**Records contained in a dataset**
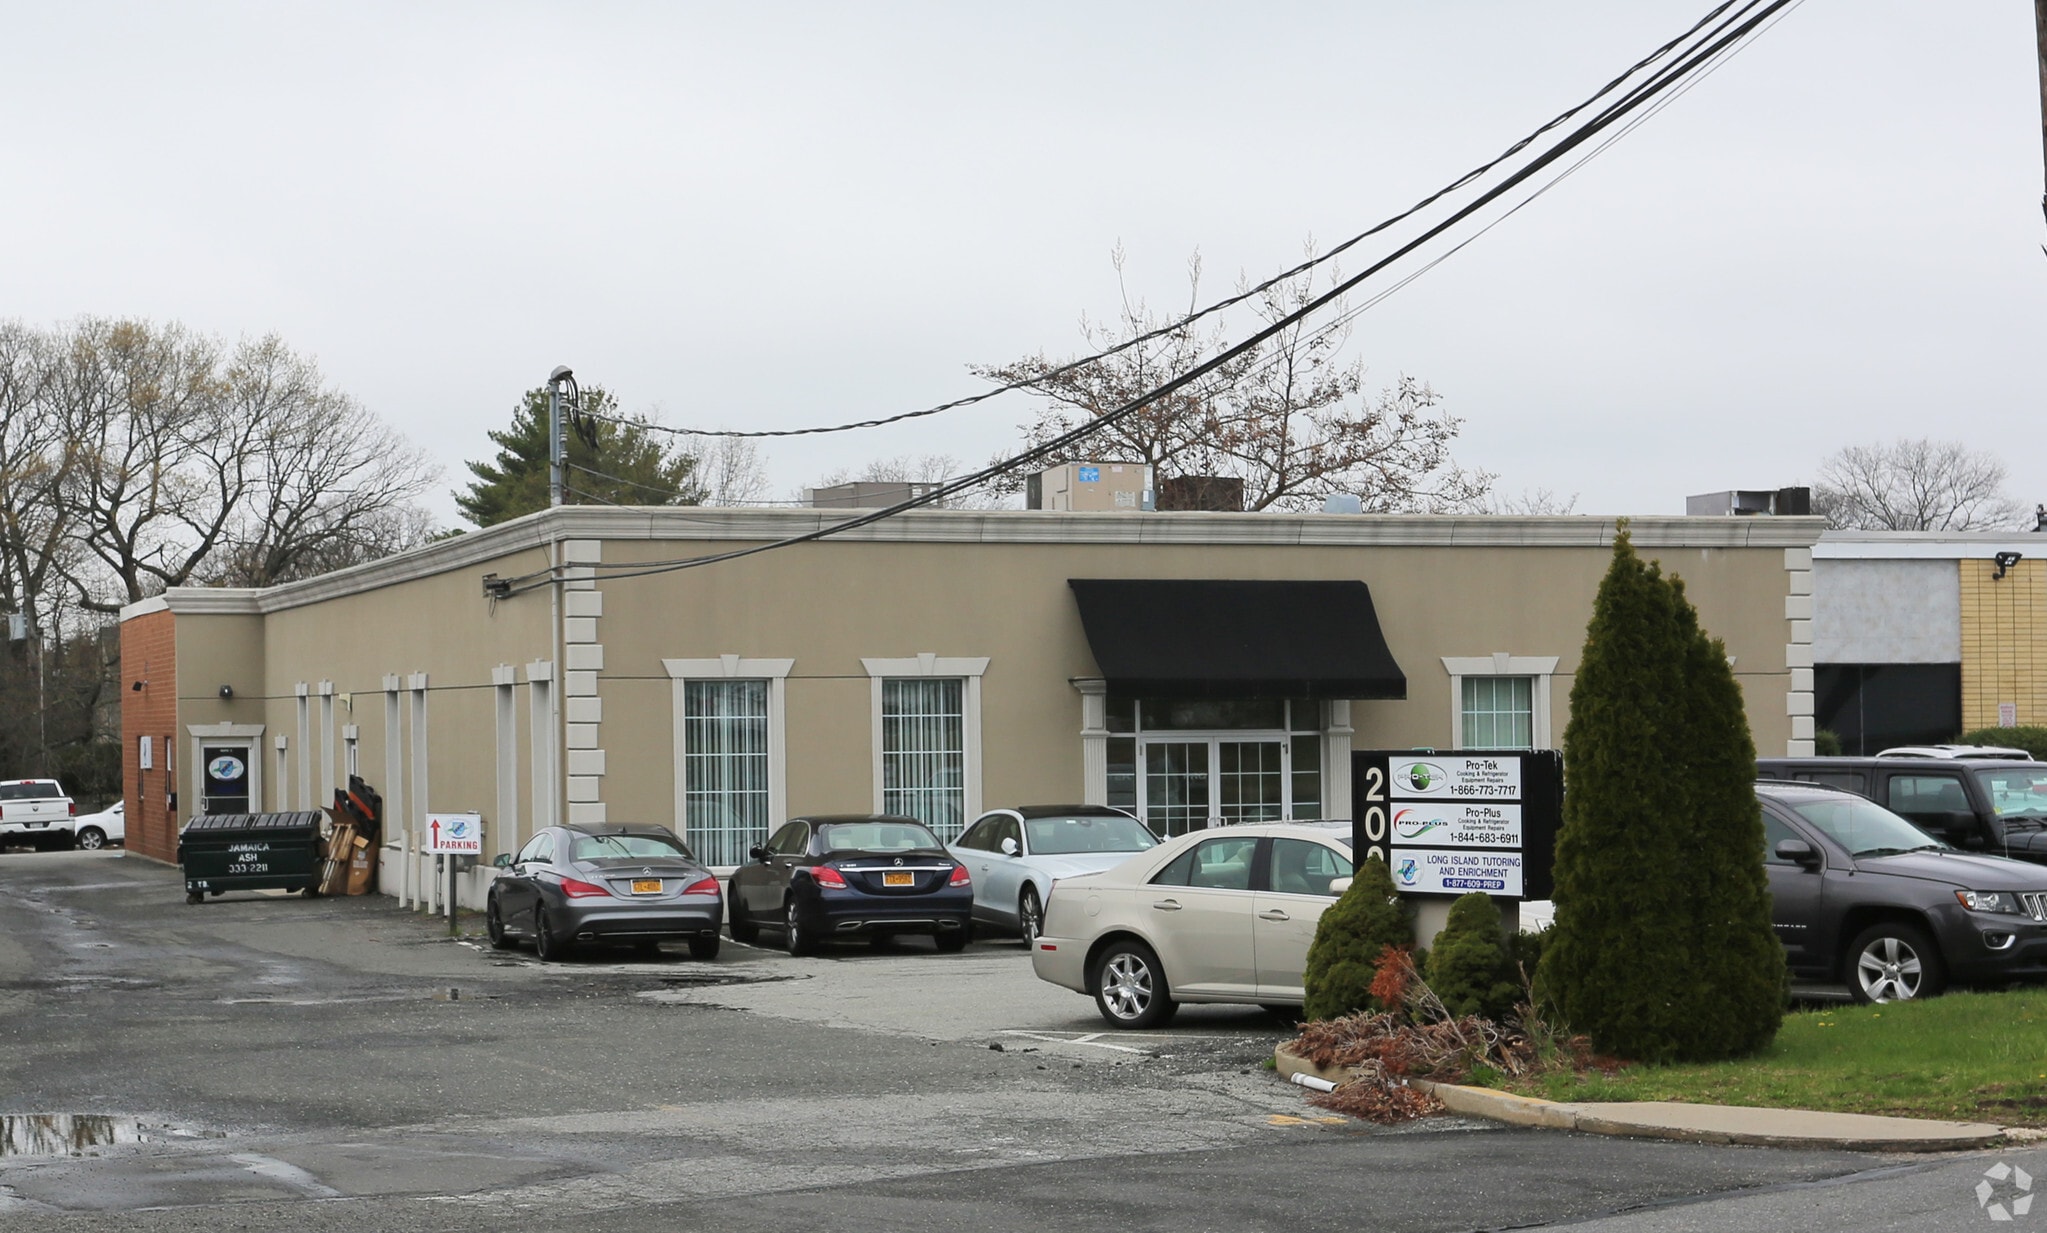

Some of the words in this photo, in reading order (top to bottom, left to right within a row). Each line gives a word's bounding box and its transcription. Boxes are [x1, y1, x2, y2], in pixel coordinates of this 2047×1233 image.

[1466, 760, 1498, 770] Pro-Tek
[1450, 785, 1517, 795] 1-866-773-7717
[1466, 807, 1501, 818] Pro-Plus
[1450, 832, 1518, 843] 1-844-683-6911
[228, 843, 269, 852] JAMAICA
[440, 841, 478, 849] PARKING
[238, 853, 257, 862] ASH
[1427, 855, 1448, 864] LONG
[1451, 856, 1479, 865] ISLAND
[1483, 857, 1521, 867] TUTORING
[228, 864, 268, 873] 333-2211
[1439, 867, 1455, 876] AND
[1458, 868, 1508, 878] ENRICHMENT
[1446, 879, 1502, 888] 1-877-609-PREP
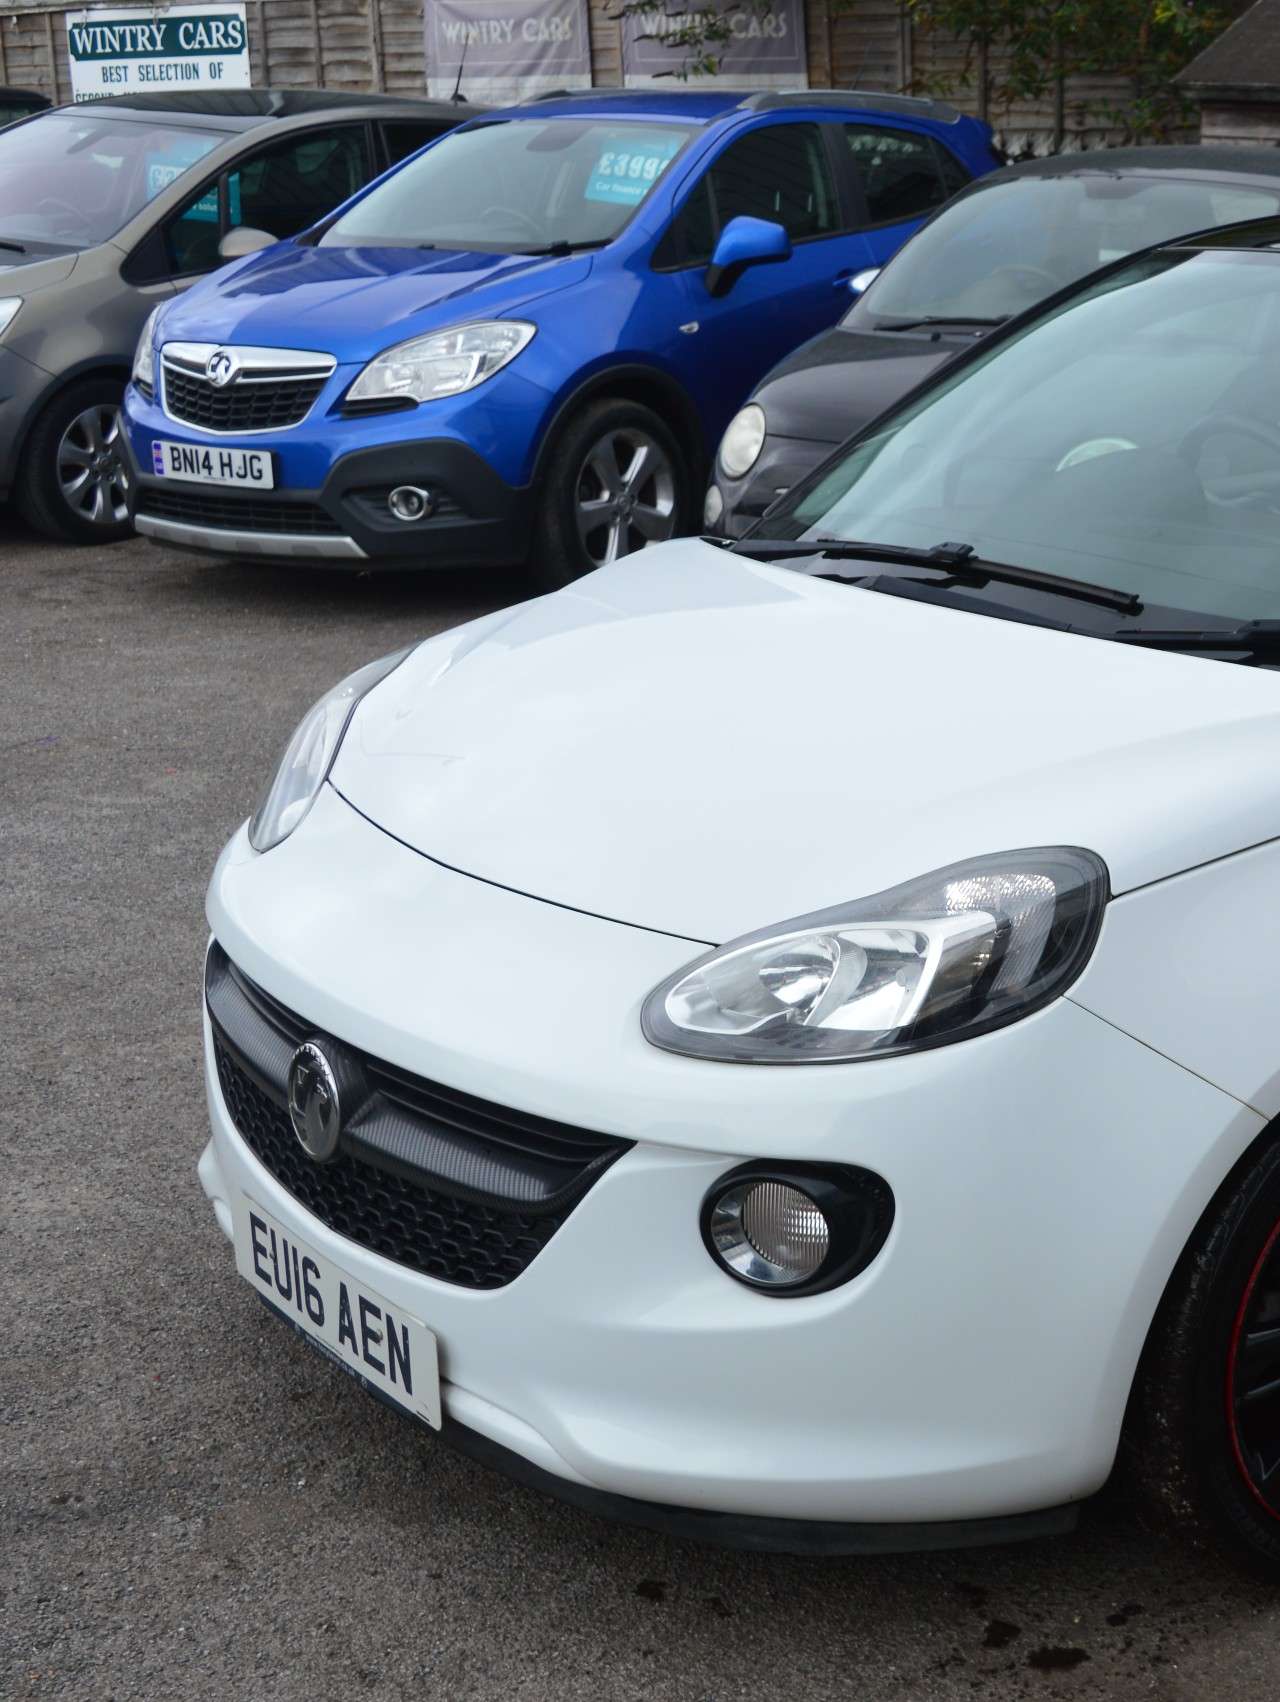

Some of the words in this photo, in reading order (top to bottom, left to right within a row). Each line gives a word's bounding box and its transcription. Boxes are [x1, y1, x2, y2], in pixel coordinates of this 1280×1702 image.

[72, 24, 166, 54] WINTRY
[178, 20, 243, 50] CARS
[442, 18, 515, 45] WINTRY
[522, 16, 572, 43] CARS
[730, 13, 787, 39] CARS
[101, 65, 129, 83] BEST
[138, 62, 200, 82] SELECTION
[209, 61, 224, 80] OF
[170, 446, 214, 476] BN14
[219, 451, 263, 481] HJG
[249, 1210, 325, 1328] EU16
[338, 1280, 413, 1396] AEN

**What to work on**
All of the records above are to be copied exactly, minus the pictures.

**Solution to this problem**
Some of the words in this photo, in reading order (top to bottom, left to right within a row). Each line gives a word's bounding box and its transcription. Boxes are [x1, y1, x2, y2], in pixel coordinates of this 2047×1233 image.

[1466, 760, 1498, 770] Pro-Tek
[1450, 785, 1517, 795] 1-866-773-7717
[1466, 807, 1501, 818] Pro-Plus
[1450, 832, 1518, 843] 1-844-683-6911
[228, 843, 269, 852] JAMAICA
[440, 841, 478, 849] PARKING
[238, 853, 257, 862] ASH
[1427, 855, 1448, 864] LONG
[1451, 856, 1479, 865] ISLAND
[1483, 857, 1521, 867] TUTORING
[228, 864, 268, 873] 333-2211
[1439, 867, 1455, 876] AND
[1458, 868, 1508, 878] ENRICHMENT
[1446, 879, 1502, 888] 1-877-609-PREP

Some of the words in this photo, in reading order (top to bottom, left to right within a row). Each line gives a word's bounding box and its transcription. Boxes are [x1, y1, x2, y2], in pixel coordinates of this 1280×1702 image.

[72, 24, 166, 54] WINTRY
[178, 20, 243, 50] CARS
[442, 18, 515, 45] WINTRY
[522, 16, 572, 43] CARS
[730, 13, 787, 39] CARS
[101, 65, 129, 83] BEST
[138, 62, 200, 82] SELECTION
[209, 61, 224, 80] OF
[170, 446, 214, 476] BN14
[219, 451, 263, 481] HJG
[249, 1210, 325, 1328] EU16
[338, 1280, 413, 1396] AEN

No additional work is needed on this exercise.